The mass of sticky parasites upset normal circulation in large areas of the brain and cause cerebral malaria. About 20 percent of cerebral malaria patients cannot be saved, even with the best possible critical care — and none survive without care.
Clinical management
Microscopic examination of blood films by a certified technician provides reliable diagnosis. Unfortunately, certification of this skill in Indonesia, as elsewhere, is rare and incompetent technicians miss the diagnosis.
Ask your care provider to produce evidence of the competence of its technicians — a missed diagnosis can kill within days, and assurance of competency is critically important.

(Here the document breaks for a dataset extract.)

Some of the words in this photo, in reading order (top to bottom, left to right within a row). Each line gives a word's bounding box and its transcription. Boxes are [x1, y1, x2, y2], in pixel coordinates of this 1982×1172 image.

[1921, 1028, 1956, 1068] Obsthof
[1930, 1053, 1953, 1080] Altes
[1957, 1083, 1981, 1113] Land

The treatment of malaria requires a knowledgeable physician supported by a qualified laboratory team. Only improper or no treatment allows malaria to recurs again and again. The infection is curable with correct medication taken as directed.
Drugs for preventing malaria also requires a physician’s training — many drugs are available and each carries risks/benefits varying from person to person.

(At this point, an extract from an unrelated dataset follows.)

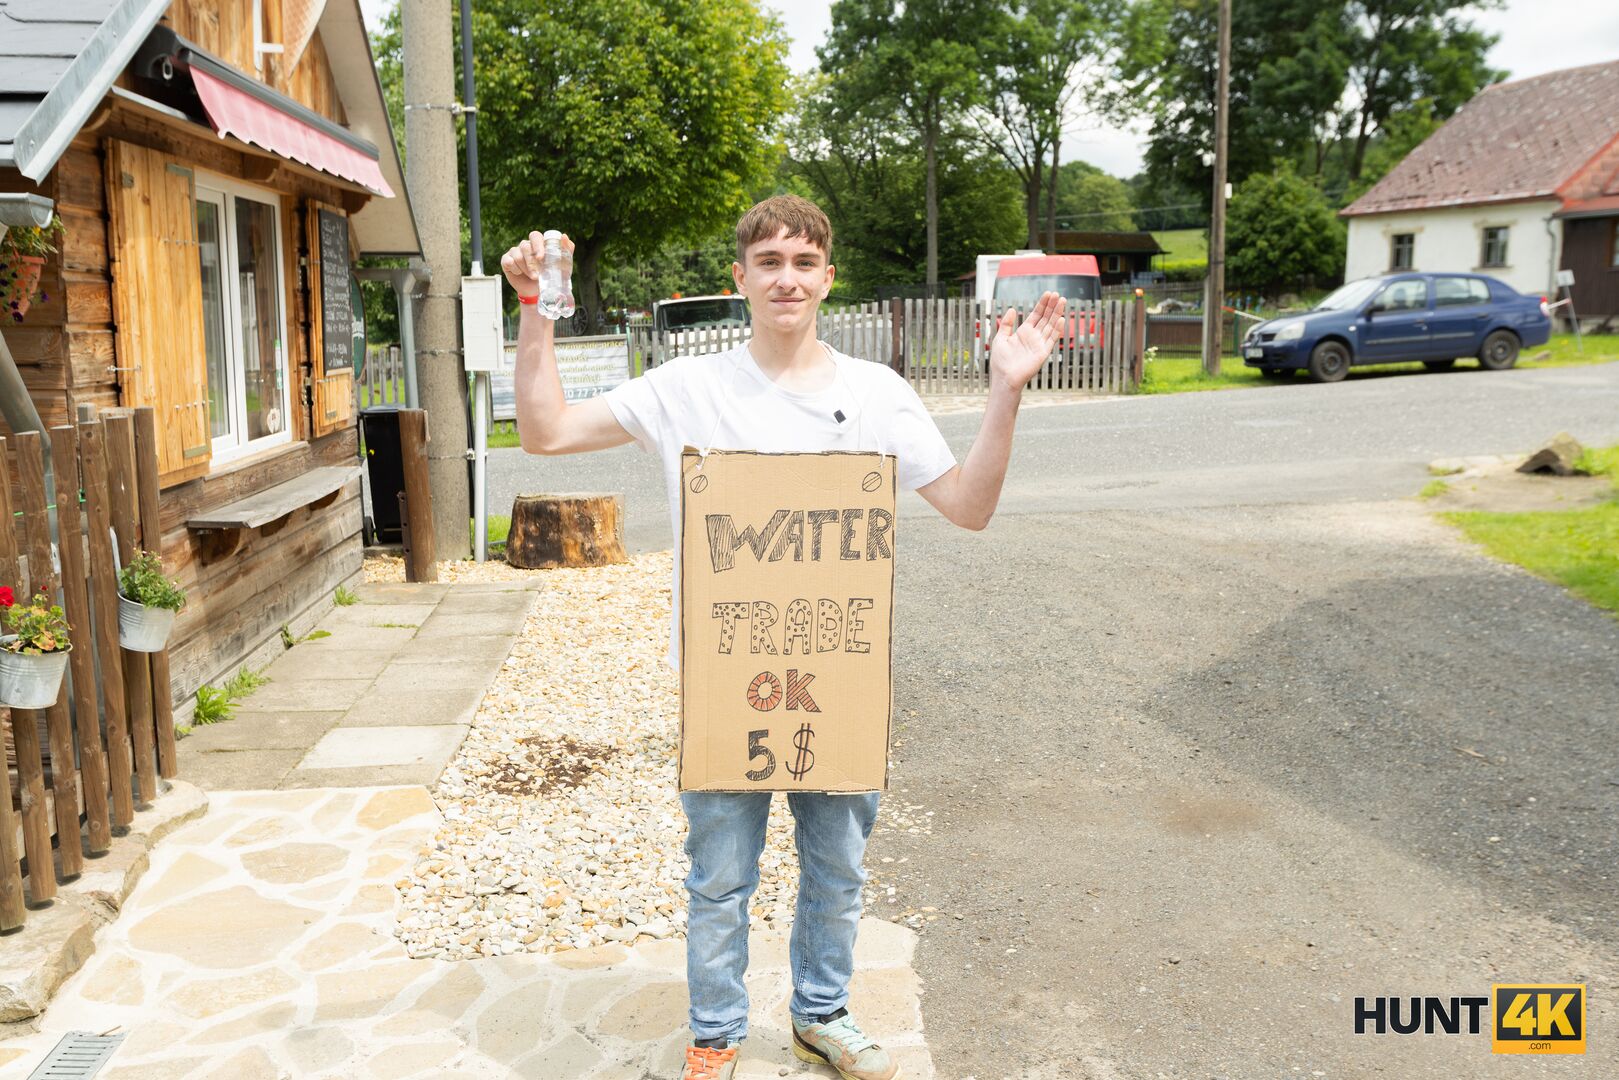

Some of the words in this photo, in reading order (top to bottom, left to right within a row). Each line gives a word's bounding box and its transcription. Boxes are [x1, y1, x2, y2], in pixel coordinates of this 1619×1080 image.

[705, 508, 892, 573] WATER
[712, 598, 874, 655] TRADE
[746, 668, 822, 713] OK

Take a friend’s drugs without medical advice at your own peril. Many drugs against malaria remain abundant in apotik, despite no longer working in Indonesia.

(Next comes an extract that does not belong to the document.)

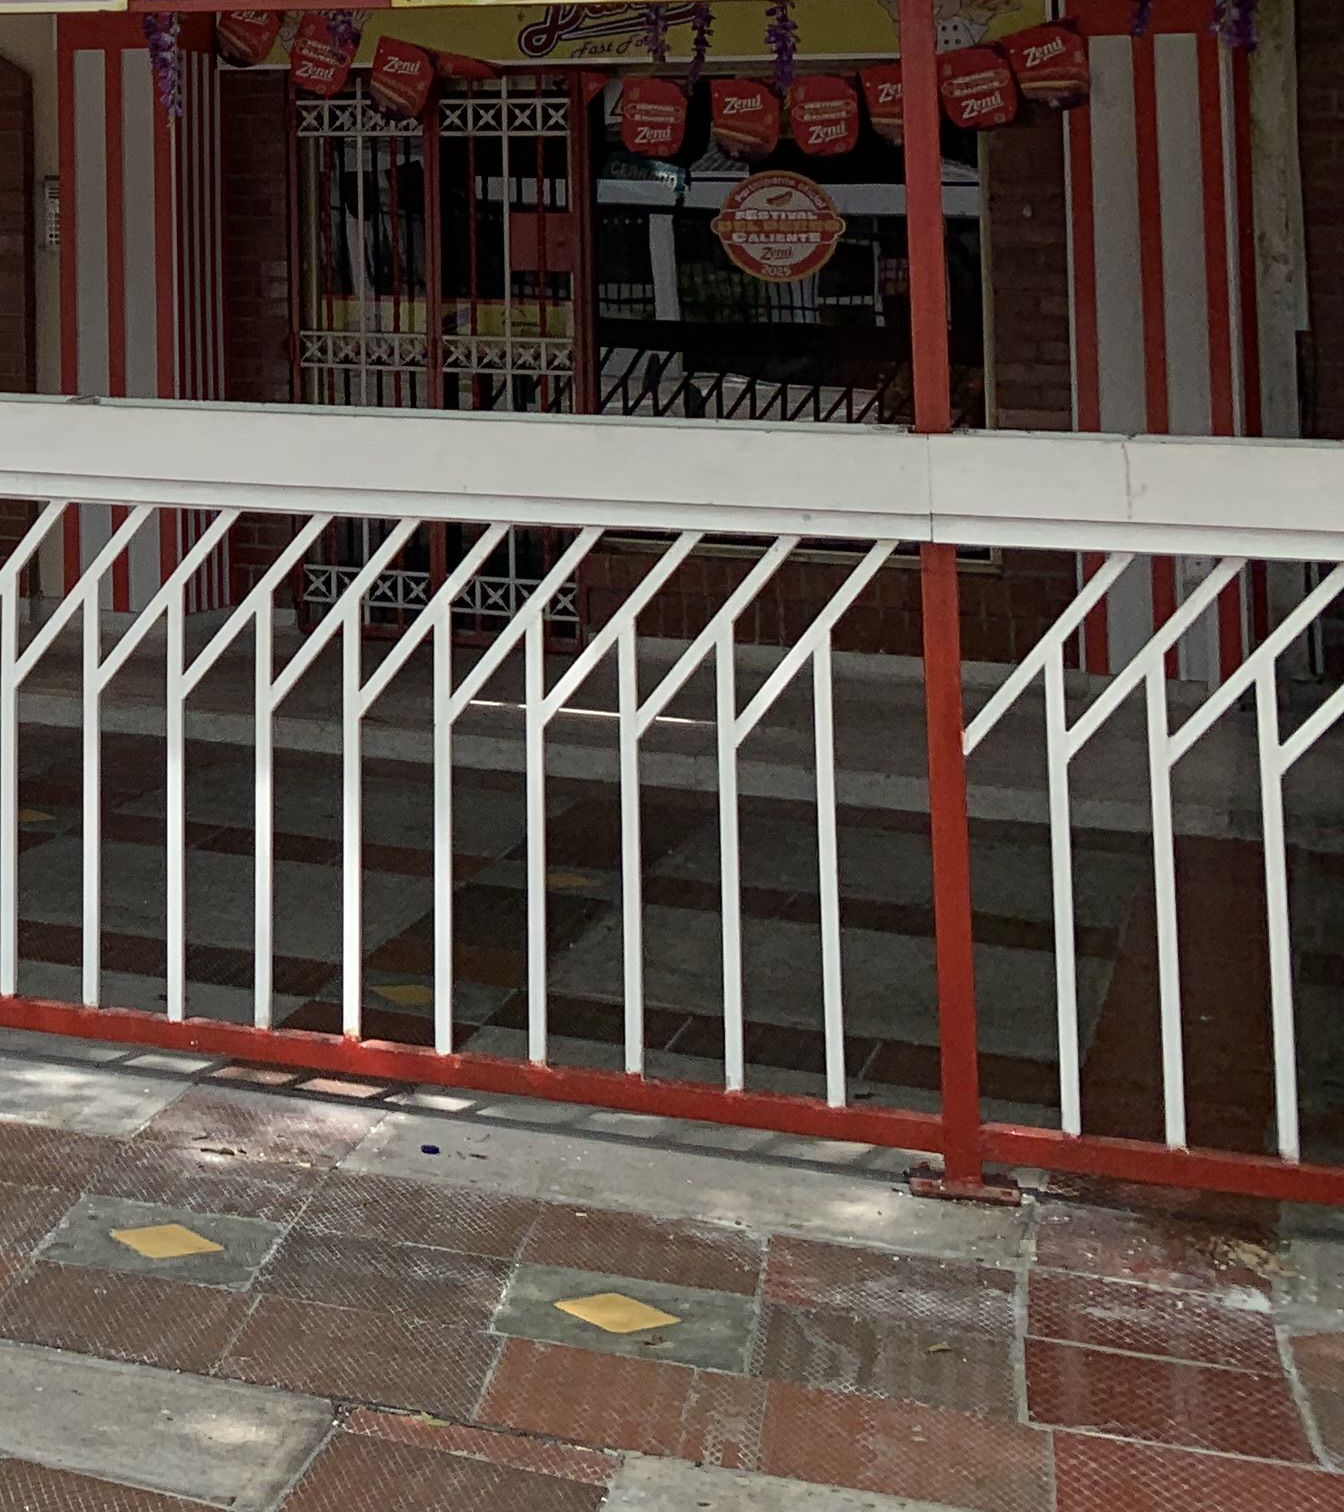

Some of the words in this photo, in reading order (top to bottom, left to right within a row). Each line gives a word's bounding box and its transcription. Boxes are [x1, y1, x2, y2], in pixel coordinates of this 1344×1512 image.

Pregnant women and small children should avoid travel to where risk of malaria is very high. Their options for preventing malaria are limited, and the consequences of infection tend to be dire.
Personal protection
People can minimize malaria risk without drugs. These measures of personal protection should be the sole line of defense where risk is high.
Personal protection involves minimizing mosquito bites. Anopheline mosquitoes feed exclusively between sunset and dawn.
Avoid the countryside at night. Choose accommodation in a city, or with air-conditioning. Spray your room with household insecticide an hour or so before bed.
If sleeping in a primitive setting, take a good insecticide-treated mosquito net and use it properly (tuck it firmly).
Wear clothing covering as much skin as possible, especially the feet and ankles. Apply a mosquito repellent on exposed skin.
People living with high-risk malaria face difficult choices. Continuously taking drugs can be expensive, unpleasant and unhealthy.
Most, instead, adopt personal protective measures as part of their daily routine, and carry supplies of curative drugs (under a physician’s advice).
This strategy works fine provided a clear understanding of malaria and a healthy respect for its consequences.